Sara Ware Bassett (October 22, 1872 in Newton, Massachusetts – July 18, 1968) was an American writer of fiction and nonfiction. Her novels primarily deal with New England characters, and most of them are set in two fictional Cape Cod villages she created, Belleport and Wilton. Her first novel, Mrs. Christy's Bridge Party, was published in 1907. She subsequently wrote more than 40 additional novels, continuing to write and publish into the late 1950s. Many of her novels focus on love stories and humorously eccentric characters. A number of her works are available as free e-books. Two of her novels, The Taming of Zenas Henry (1915) and The Harbor Road (1919), were adapted as the motion pictures Captain Hurricane (1935) and Danger Ahead (1921).

For much of her life, Bassett divided her time between homes in Cape Cod and Princeton, Massachusetts. She also taught kindergarten in the public schools of Newton, Massachusetts.

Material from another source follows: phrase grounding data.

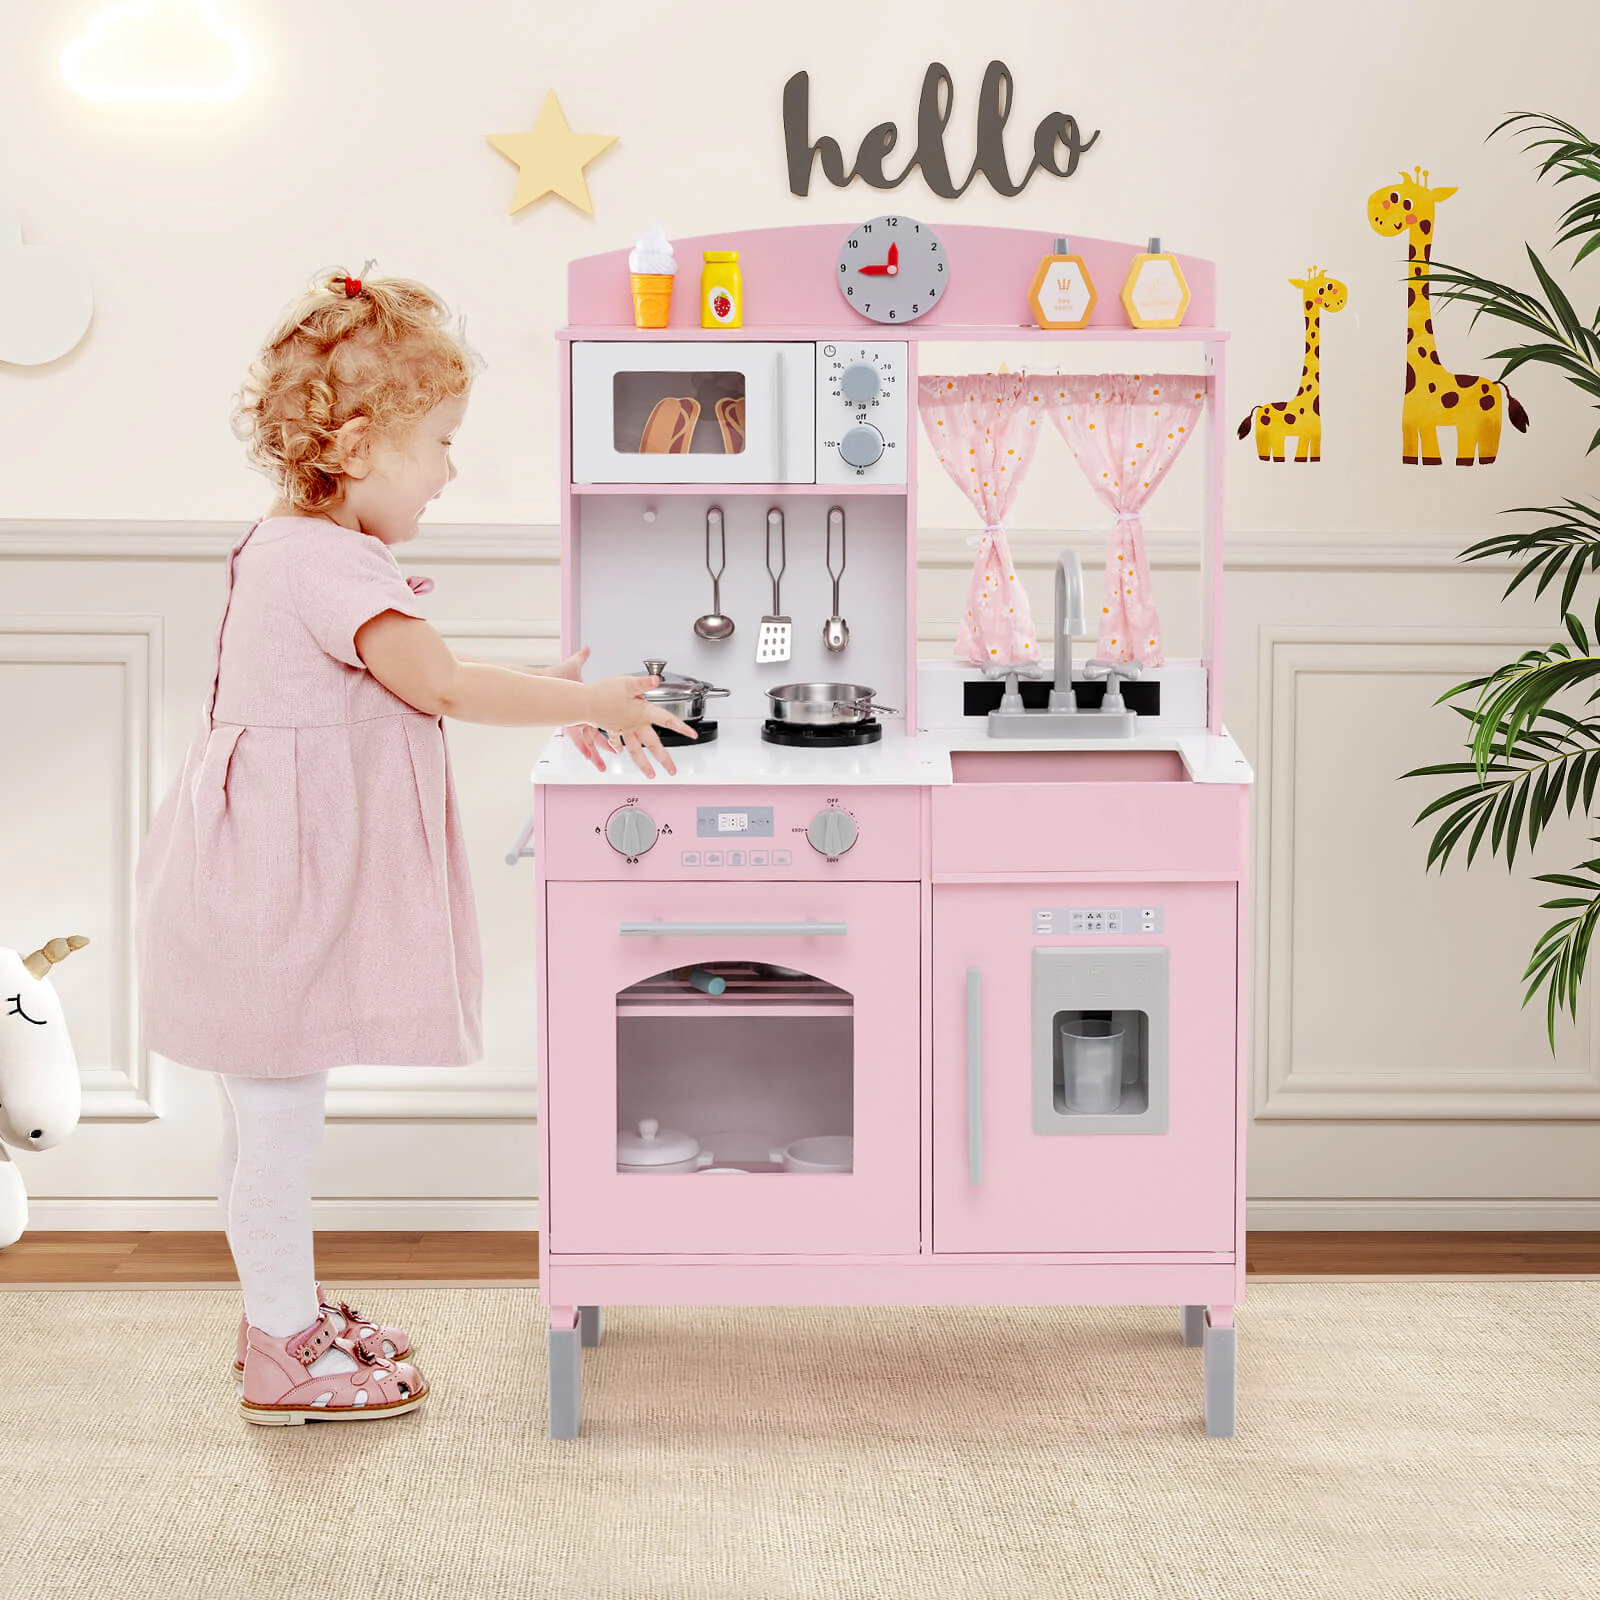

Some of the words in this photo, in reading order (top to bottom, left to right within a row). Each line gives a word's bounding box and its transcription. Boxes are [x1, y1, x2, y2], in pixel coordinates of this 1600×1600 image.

[783, 60, 1100, 199] hello
[886, 218, 898, 227] 12
[863, 224, 872, 233] 11
[914, 225, 919, 233] 1
[848, 240, 858, 249] 10
[931, 242, 937, 251] 2
[840, 263, 846, 272] 9
[937, 263, 943, 272] 3
[847, 286, 853, 296] 8
[929, 288, 935, 297] 4
[865, 303, 871, 312] 7
[912, 304, 919, 313] 5
[889, 310, 896, 319] 6
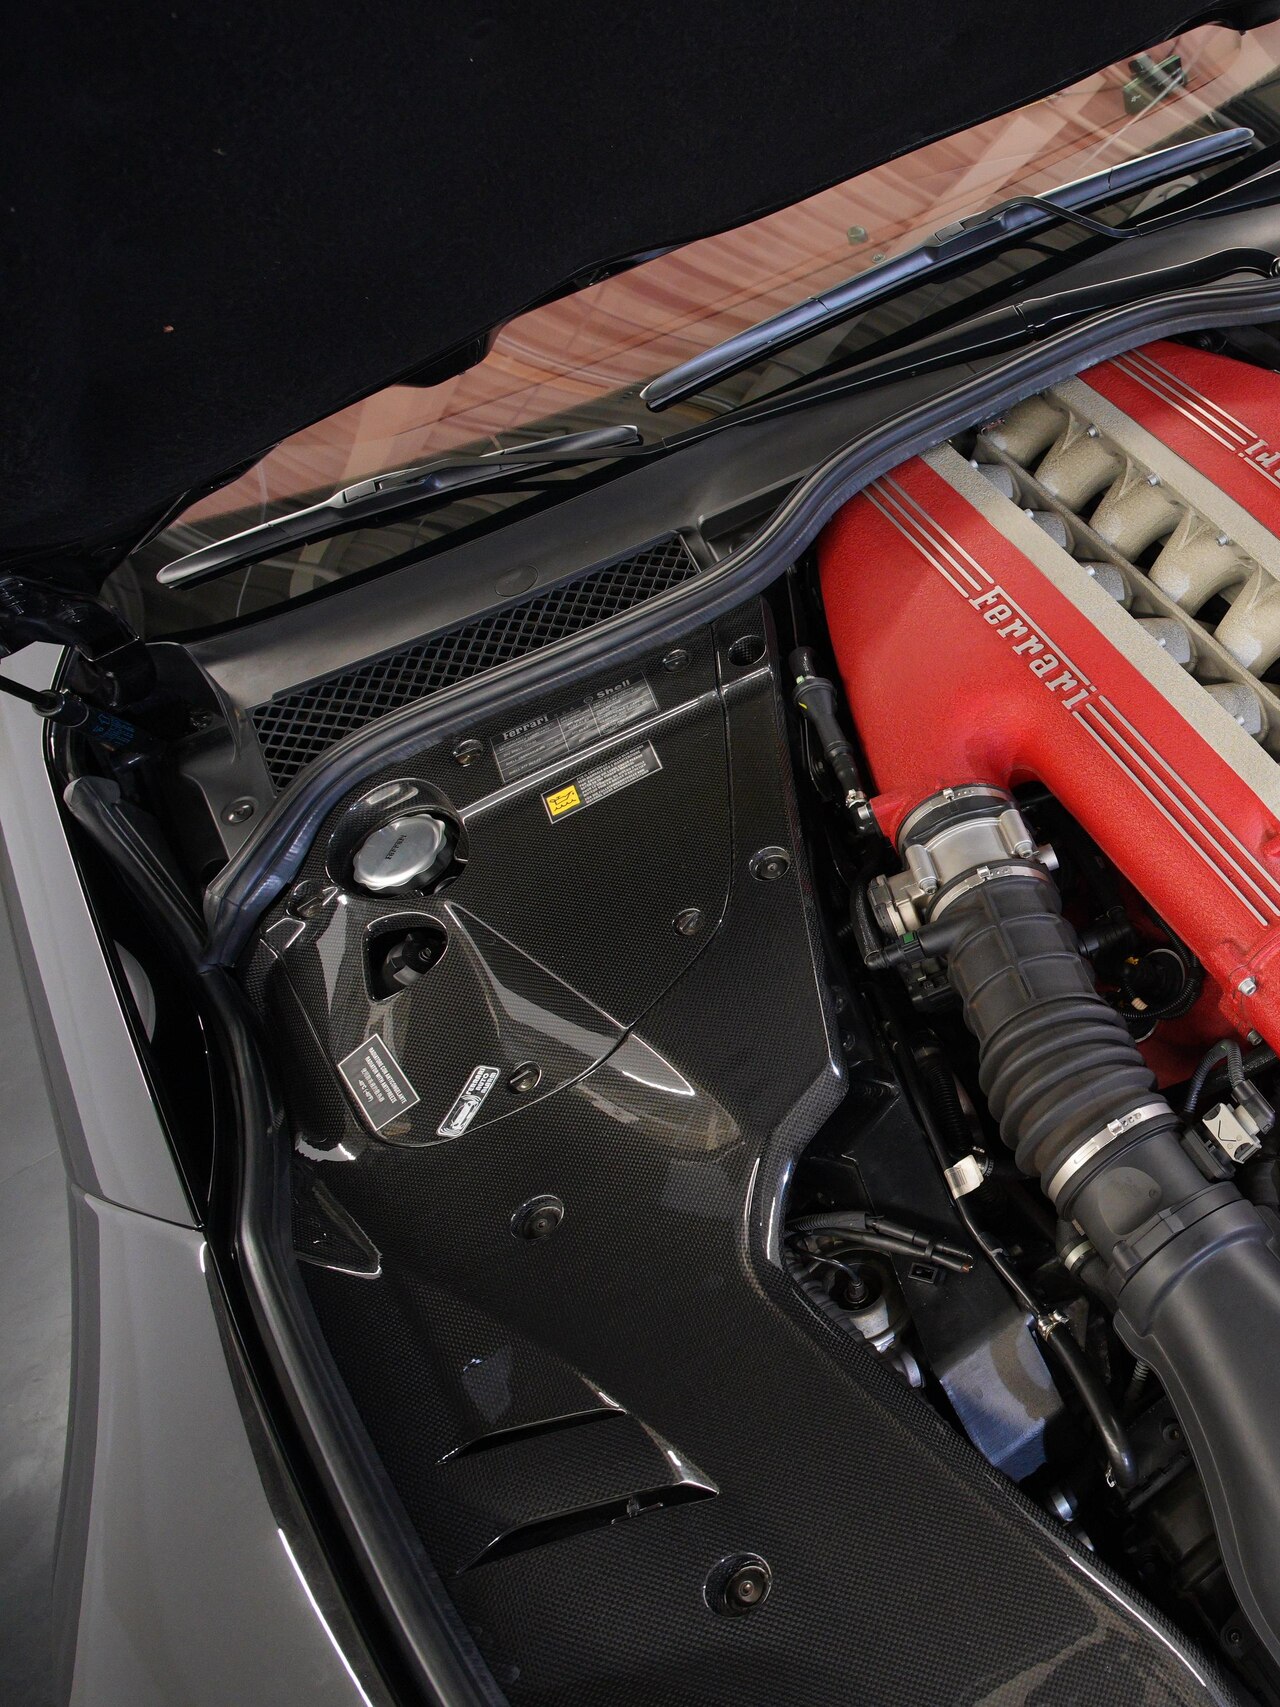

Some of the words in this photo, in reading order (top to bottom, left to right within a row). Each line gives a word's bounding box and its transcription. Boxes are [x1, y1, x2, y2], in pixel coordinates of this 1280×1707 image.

[968, 585, 1098, 711] Ferrari
[596, 679, 631, 699] Shell
[501, 714, 550, 741] Ferrari
[474, 1072, 490, 1090] AUTO

She died in Newton Centre, Massachusetts on July 18, 1968.

==Bibliography==
===Educational books===
- The Story of Lumber (1912)
- The Story of Wool (1913)
- The Story of Leather (1915)
- The Story of Glass (1916)
- The Story of Sugar (1917)
- The Story of Porcelain (1919)
- Paul and the Printing Press (1920)
- Steve and the Steam Engine (1921)
- Ted and the Telephone (1922)
- Walter and the Wireless (1923)
- Carl and the Cotton Gin (1924)

===Novels===
- The Taming of Zenas Henry (1915)
- The Harbor Road (1919)
- The Wayfarers at the Angels (1918)
- The Wall Between (1920)
- Flood Tide (1921)
- Twin Lights
- Granite and Clay
- The Green Dolphin (1926)
- White Sail
- Shifting Sands (1933)
- South Cove Summer
- Within the Harbor (1948)
- The Whispering Pine (1953)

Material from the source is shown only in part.